*** Block opens ***

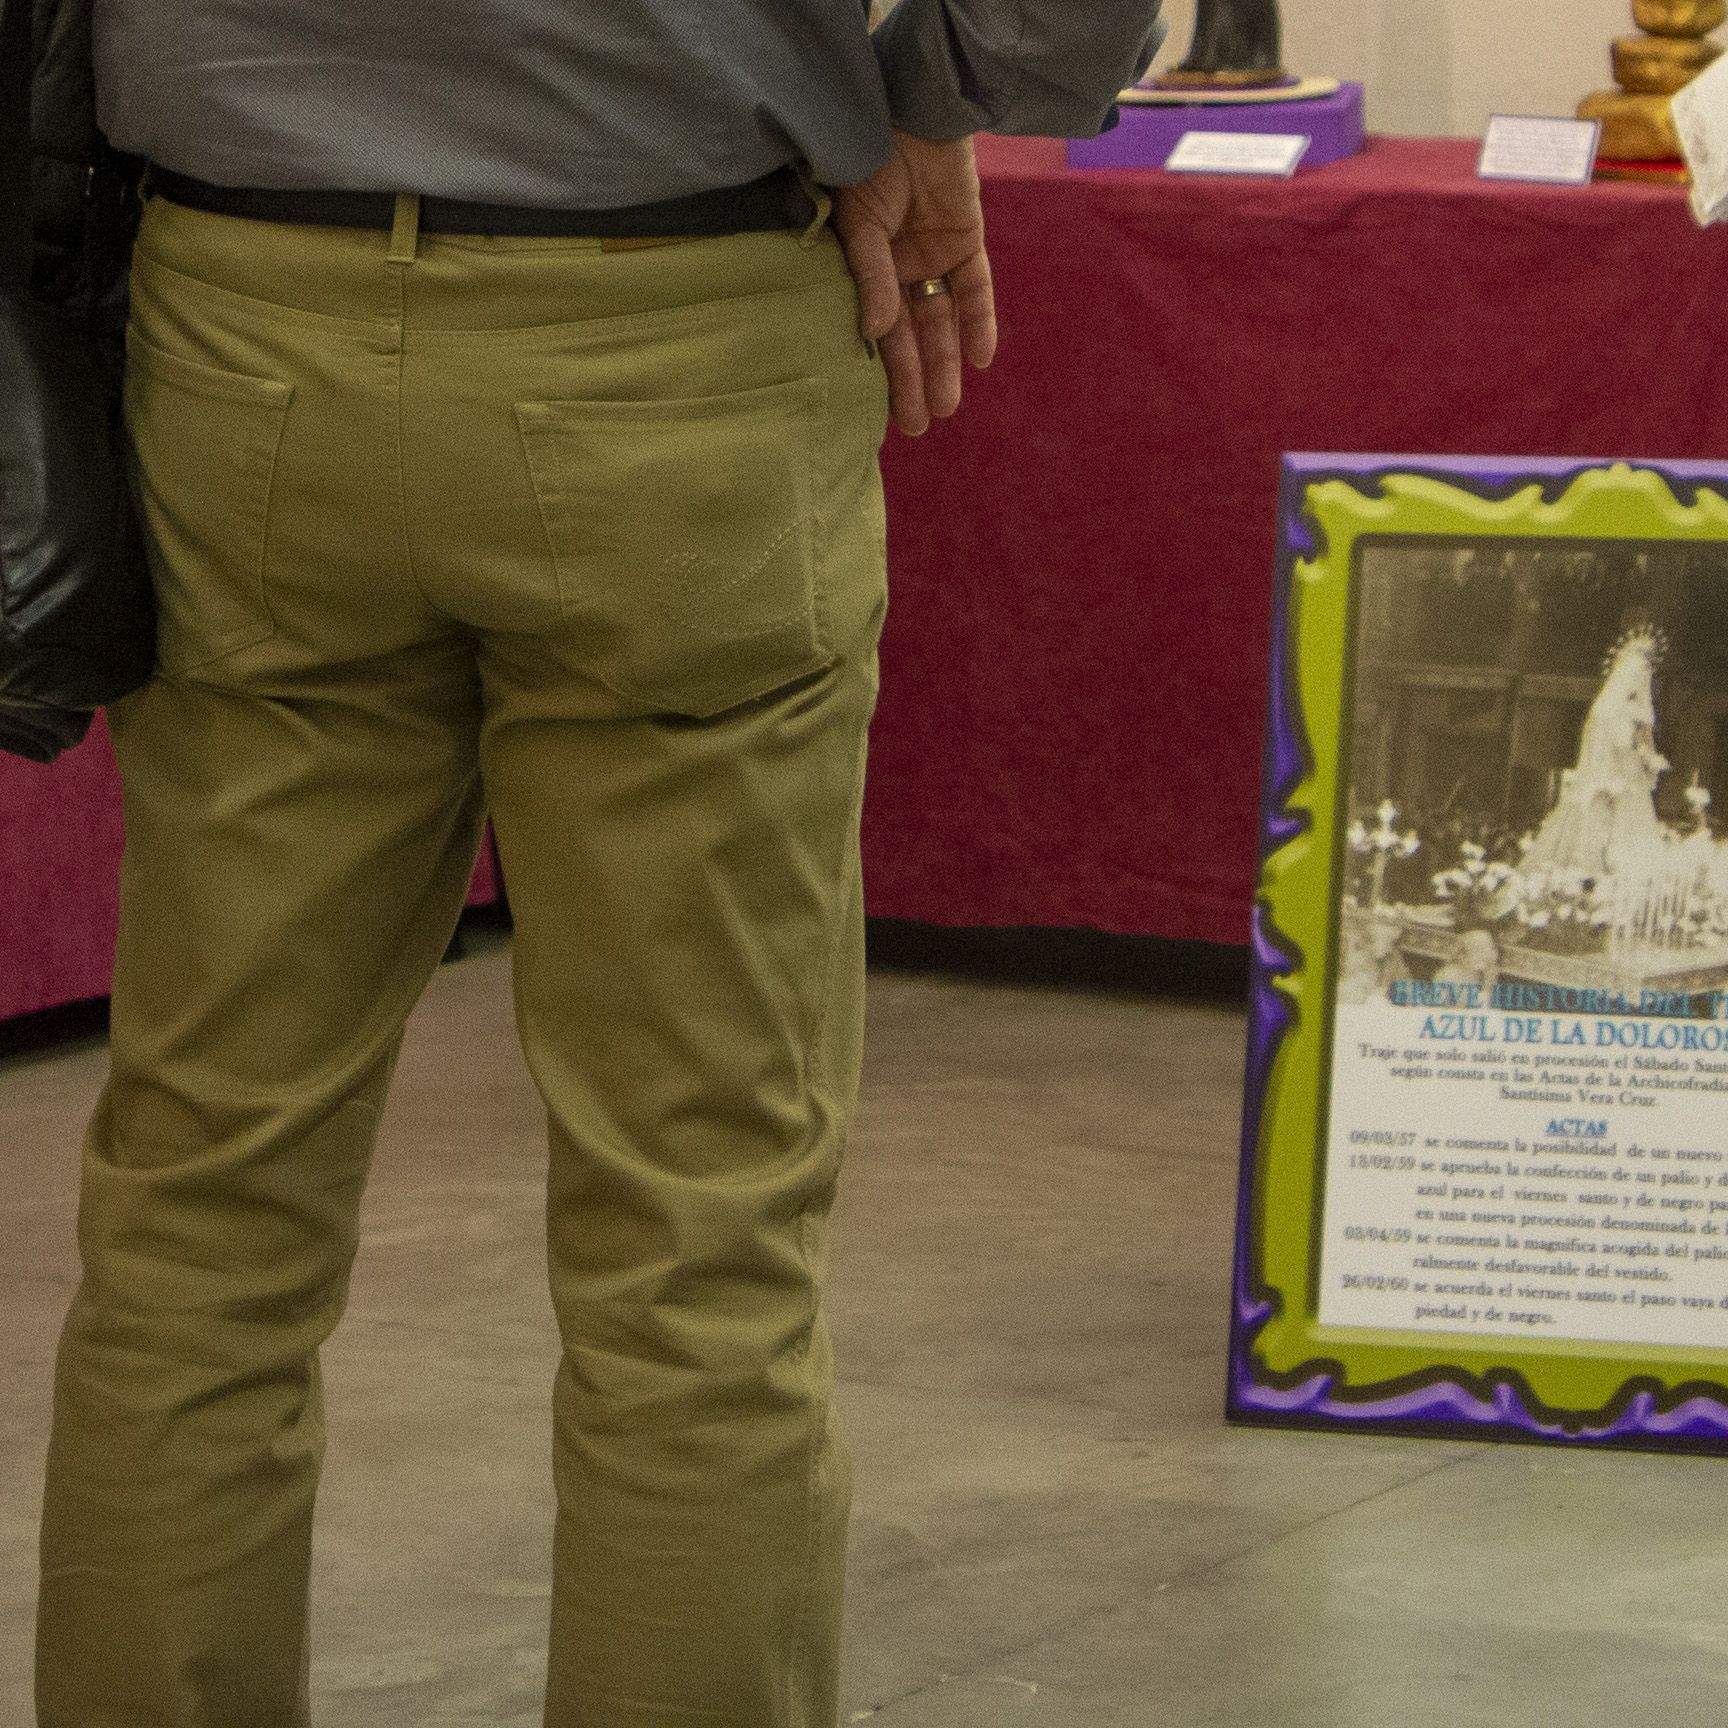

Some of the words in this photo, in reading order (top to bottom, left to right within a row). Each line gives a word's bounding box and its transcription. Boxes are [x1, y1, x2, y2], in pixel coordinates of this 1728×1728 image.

[1390, 980, 1483, 1008] BREVE
[1490, 984, 1632, 1014] HISTORIA
[1640, 989, 1692, 1016] DEL
[1419, 1014, 1496, 1041] AZUL
[1502, 1017, 1542, 1043] DE
[1551, 1020, 1586, 1045] LA
[1358, 1043, 1398, 1060] Traje
[1404, 1050, 1429, 1062] que
[1511, 1053, 1530, 1064] en
[1535, 1051, 1609, 1069] procesión
[1614, 1056, 1628, 1069] el
[1633, 1056, 1689, 1072] Sábado
[1437, 1068, 1485, 1080] consta
[1490, 1071, 1508, 1081] en
[1513, 1069, 1534, 1082] las
[1540, 1071, 1579, 1085] Actas
[1585, 1072, 1605, 1086] de
[1609, 1074, 1622, 1087] la
[1578, 1089, 1613, 1104] Vera
[1546, 1119, 1607, 1138] ACTAS
[1425, 1138, 1440, 1148] se
[1445, 1139, 1509, 1152] comenta
[1515, 1138, 1527, 1152] la
[1533, 1140, 1617, 1157] posibilidad
[1627, 1144, 1646, 1158] de
[1651, 1148, 1670, 1159] un
[1676, 1149, 1723, 1162] nuevo
[1421, 1161, 1434, 1171] se
[1441, 1161, 1501, 1176] aprueba
[1507, 1161, 1519, 1175] la
[1525, 1162, 1607, 1180] confección
[1612, 1167, 1634, 1182] de
[1636, 1172, 1656, 1183] un
[1661, 1170, 1699, 1186] palio
[1704, 1175, 1713, 1188] y
[1417, 1183, 1447, 1196] azul
[1452, 1186, 1485, 1200] para
[1490, 1185, 1505, 1199] el
[1514, 1186, 1568, 1202] viernes
[1578, 1192, 1618, 1204] santo
[1623, 1196, 1632, 1208] y
[1636, 1192, 1654, 1207] de
[1660, 1196, 1705, 1211] negro
[1416, 1209, 1434, 1220] en
[1439, 1210, 1467, 1221] una
[1472, 1212, 1516, 1225] nueva
[1521, 1211, 1595, 1229] procesión
[1601, 1215, 1695, 1234] denominada
[1701, 1220, 1720, 1234] de
[1416, 1233, 1430, 1243] se
[1436, 1235, 1500, 1248] comenta
[1506, 1234, 1518, 1248] la
[1603, 1240, 1659, 1257] acogida
[1665, 1243, 1688, 1258] del
[1413, 1254, 1477, 1270] ralmente
[1484, 1257, 1580, 1276] desfavorable
[1585, 1263, 1610, 1278] del
[1615, 1266, 1672, 1282] vestido.
[1414, 1282, 1429, 1292] se
[1434, 1281, 1493, 1296] acuerda
[1499, 1283, 1512, 1297] el
[1517, 1284, 1571, 1300] viernes
[1577, 1290, 1617, 1303] santo
[1622, 1290, 1636, 1304] el
[1641, 1293, 1676, 1308] paso
[1681, 1297, 1714, 1311] vaya
[1416, 1305, 1467, 1320] piedad
[1472, 1310, 1479, 1323] y
[1484, 1307, 1503, 1322] de
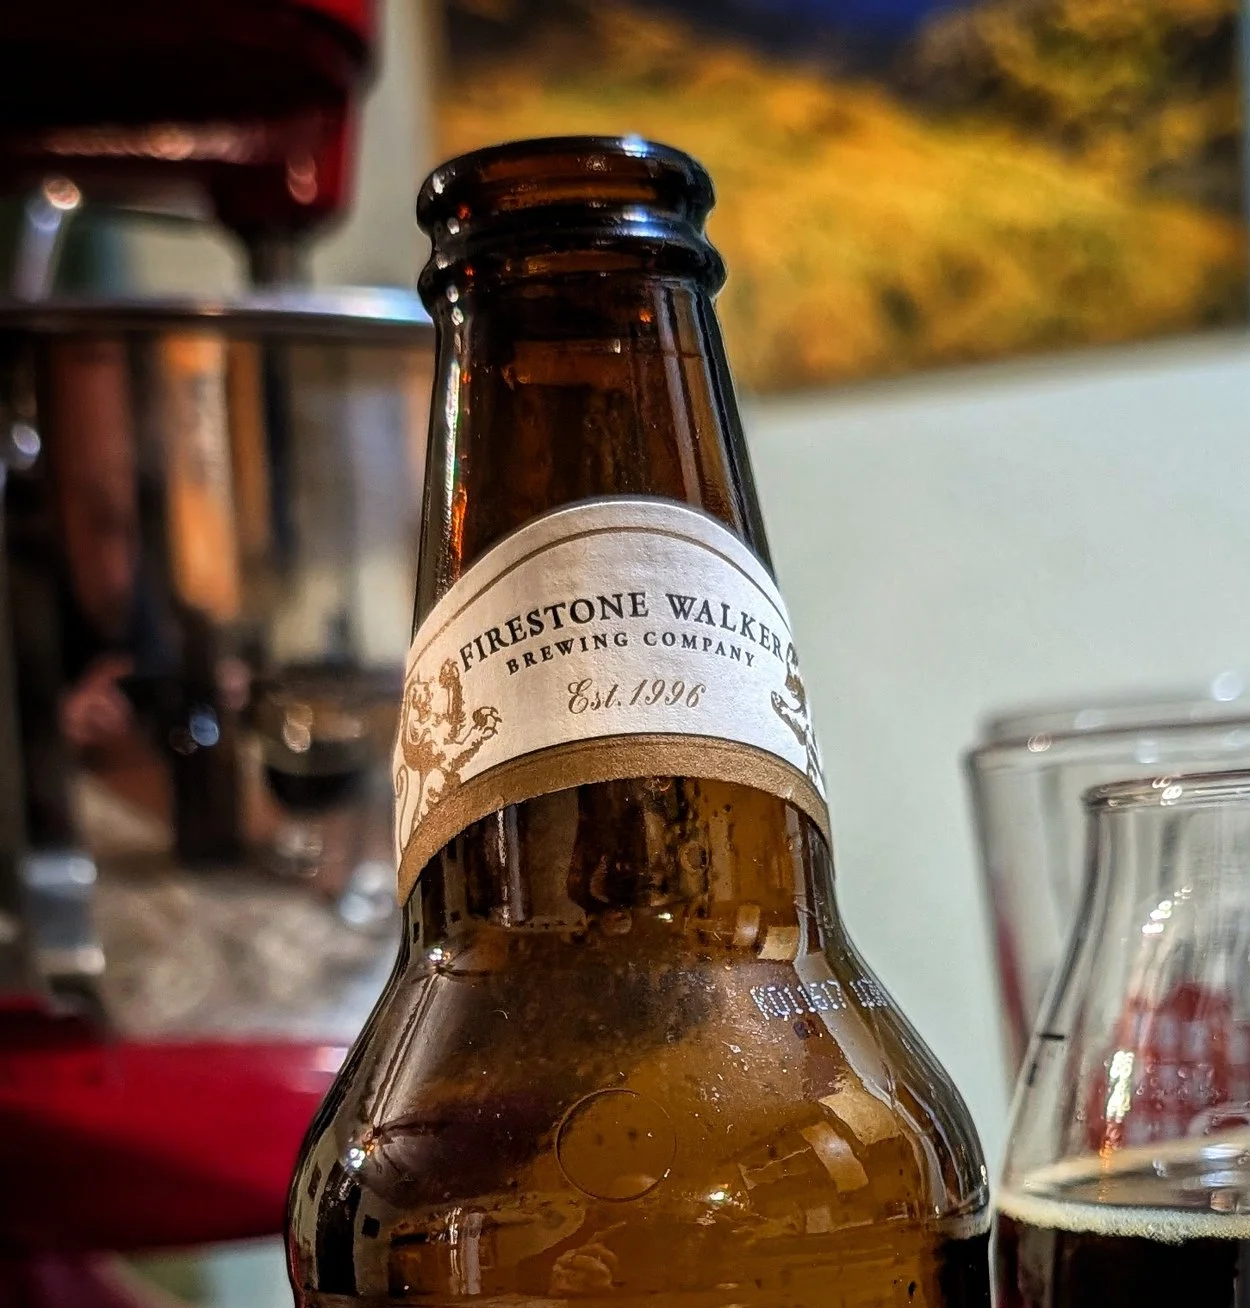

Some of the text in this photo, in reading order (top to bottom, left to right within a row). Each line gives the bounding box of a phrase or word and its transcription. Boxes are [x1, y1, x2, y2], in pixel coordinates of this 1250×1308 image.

[460, 592, 785, 671] FIRESTONE WALKER
[506, 631, 756, 675] BREWING COMPANY

*** Block closes ***

Exercise directions: Please reproduce the entries above line by line, exactly, leaving out each image.

Task answer:
Some of the words in this photo, in reading order (top to bottom, left to right within a row). Each line gives a word's bounding box and its transcription. Boxes are [x1, y1, x2, y2], in pixel coordinates of this 1728×1728 image.

[1390, 980, 1483, 1008] BREVE
[1490, 984, 1632, 1014] HISTORIA
[1640, 989, 1692, 1016] DEL
[1419, 1014, 1496, 1041] AZUL
[1502, 1017, 1542, 1043] DE
[1551, 1020, 1586, 1045] LA
[1358, 1043, 1398, 1060] Traje
[1404, 1050, 1429, 1062] que
[1511, 1053, 1530, 1064] en
[1535, 1051, 1609, 1069] procesión
[1614, 1056, 1628, 1069] el
[1633, 1056, 1689, 1072] Sábado
[1437, 1068, 1485, 1080] consta
[1490, 1071, 1508, 1081] en
[1513, 1069, 1534, 1082] las
[1540, 1071, 1579, 1085] Actas
[1585, 1072, 1605, 1086] de
[1609, 1074, 1622, 1087] la
[1578, 1089, 1613, 1104] Vera
[1546, 1119, 1607, 1138] ACTAS
[1425, 1138, 1440, 1148] se
[1445, 1139, 1509, 1152] comenta
[1515, 1138, 1527, 1152] la
[1533, 1140, 1617, 1157] posibilidad
[1627, 1144, 1646, 1158] de
[1651, 1148, 1670, 1159] un
[1676, 1149, 1723, 1162] nuevo
[1421, 1161, 1434, 1171] se
[1441, 1161, 1501, 1176] aprueba
[1507, 1161, 1519, 1175] la
[1525, 1162, 1607, 1180] confección
[1612, 1167, 1634, 1182] de
[1636, 1172, 1656, 1183] un
[1661, 1170, 1699, 1186] palio
[1704, 1175, 1713, 1188] y
[1417, 1183, 1447, 1196] azul
[1452, 1186, 1485, 1200] para
[1490, 1185, 1505, 1199] el
[1514, 1186, 1568, 1202] viernes
[1578, 1192, 1618, 1204] santo
[1623, 1196, 1632, 1208] y
[1636, 1192, 1654, 1207] de
[1660, 1196, 1705, 1211] negro
[1416, 1209, 1434, 1220] en
[1439, 1210, 1467, 1221] una
[1472, 1212, 1516, 1225] nueva
[1521, 1211, 1595, 1229] procesión
[1601, 1215, 1695, 1234] denominada
[1701, 1220, 1720, 1234] de
[1416, 1233, 1430, 1243] se
[1436, 1235, 1500, 1248] comenta
[1506, 1234, 1518, 1248] la
[1603, 1240, 1659, 1257] acogida
[1665, 1243, 1688, 1258] del
[1413, 1254, 1477, 1270] ralmente
[1484, 1257, 1580, 1276] desfavorable
[1585, 1263, 1610, 1278] del
[1615, 1266, 1672, 1282] vestido.
[1414, 1282, 1429, 1292] se
[1434, 1281, 1493, 1296] acuerda
[1499, 1283, 1512, 1297] el
[1517, 1284, 1571, 1300] viernes
[1577, 1290, 1617, 1303] santo
[1622, 1290, 1636, 1304] el
[1641, 1293, 1676, 1308] paso
[1681, 1297, 1714, 1311] vaya
[1416, 1305, 1467, 1320] piedad
[1472, 1310, 1479, 1323] y
[1484, 1307, 1503, 1322] de

Some of the text in this photo, in reading order (top to bottom, left to right within a row). Each line gives the bounding box of a phrase or word and its transcription. Boxes are [x1, y1, x2, y2], in pixel coordinates of this 1250×1308 image.

[460, 592, 785, 671] FIRESTONE WALKER
[506, 631, 756, 675] BREWING COMPANY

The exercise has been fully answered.